**Spatial localization data**
+++++

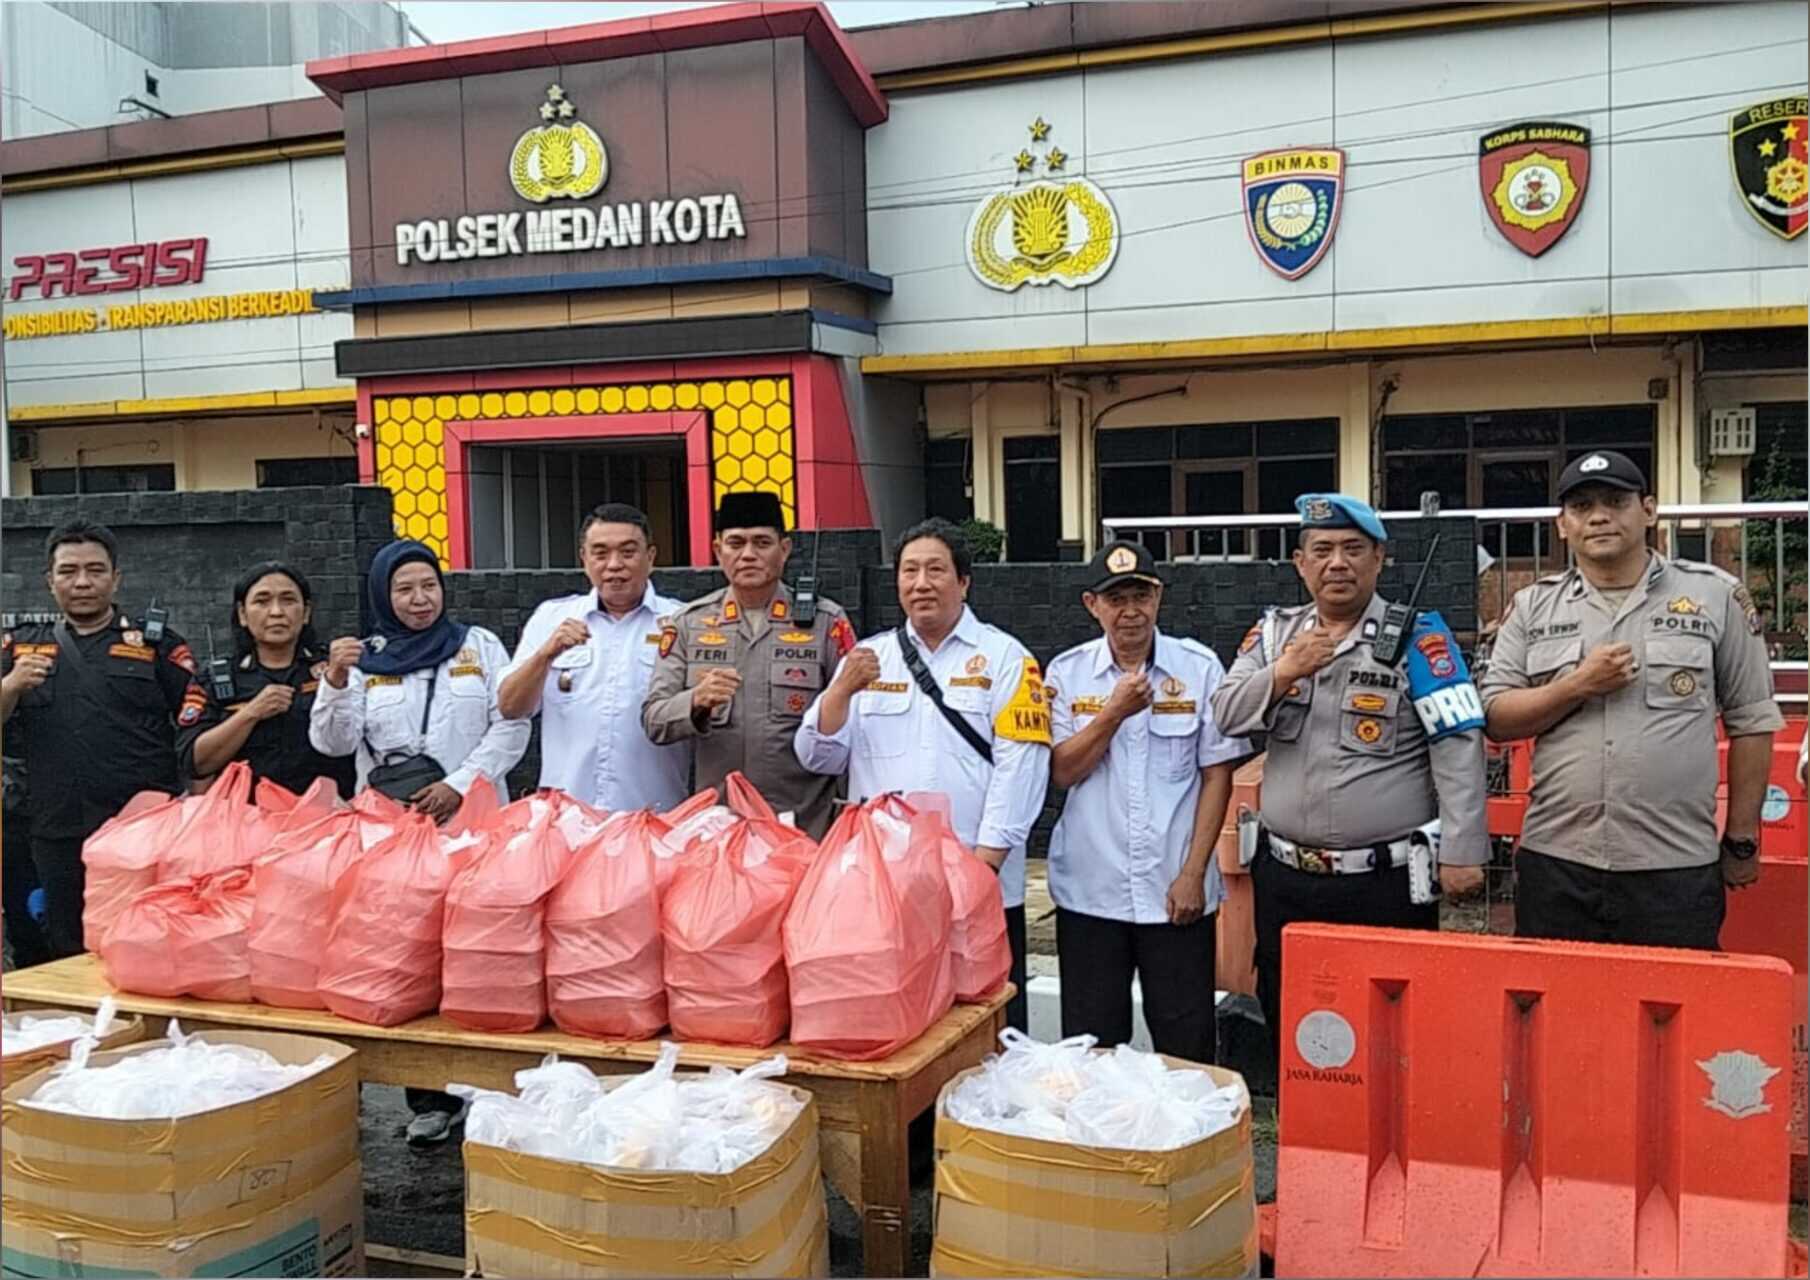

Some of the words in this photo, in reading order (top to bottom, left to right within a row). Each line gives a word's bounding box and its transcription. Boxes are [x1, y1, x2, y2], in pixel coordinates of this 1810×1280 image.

[1749, 99, 1808, 124] RESER
[1485, 129, 1527, 150] KORPS
[1254, 155, 1330, 176] BINMAS
[396, 211, 522, 265] POLSEK
[526, 203, 642, 253] MEDAN
[649, 193, 745, 244] KOTA
[10, 237, 209, 300] PRESISI
[3, 308, 98, 340] ONSIBILITAS
[1653, 617, 1710, 632] POLRI
[694, 650, 728, 661] FERI
[774, 648, 818, 660] POLRI
[1349, 670, 1399, 688] POLRI

+++++

**Task prompt**
Type out the entries again without a single change, and leave the pictures out.

**Output of the task**
Some of the words in this photo, in reading order (top to bottom, left to right within a row). Each line gives a word's bounding box and its transcription. Boxes are [x1, y1, x2, y2], in pixel coordinates of this 1810×1280 image.

[1749, 99, 1808, 124] RESER
[1485, 129, 1527, 150] KORPS
[1254, 155, 1330, 176] BINMAS
[396, 211, 522, 265] POLSEK
[526, 203, 642, 253] MEDAN
[649, 193, 745, 244] KOTA
[10, 237, 209, 300] PRESISI
[3, 308, 98, 340] ONSIBILITAS
[1653, 617, 1710, 632] POLRI
[694, 650, 728, 661] FERI
[774, 648, 818, 660] POLRI
[1349, 670, 1399, 688] POLRI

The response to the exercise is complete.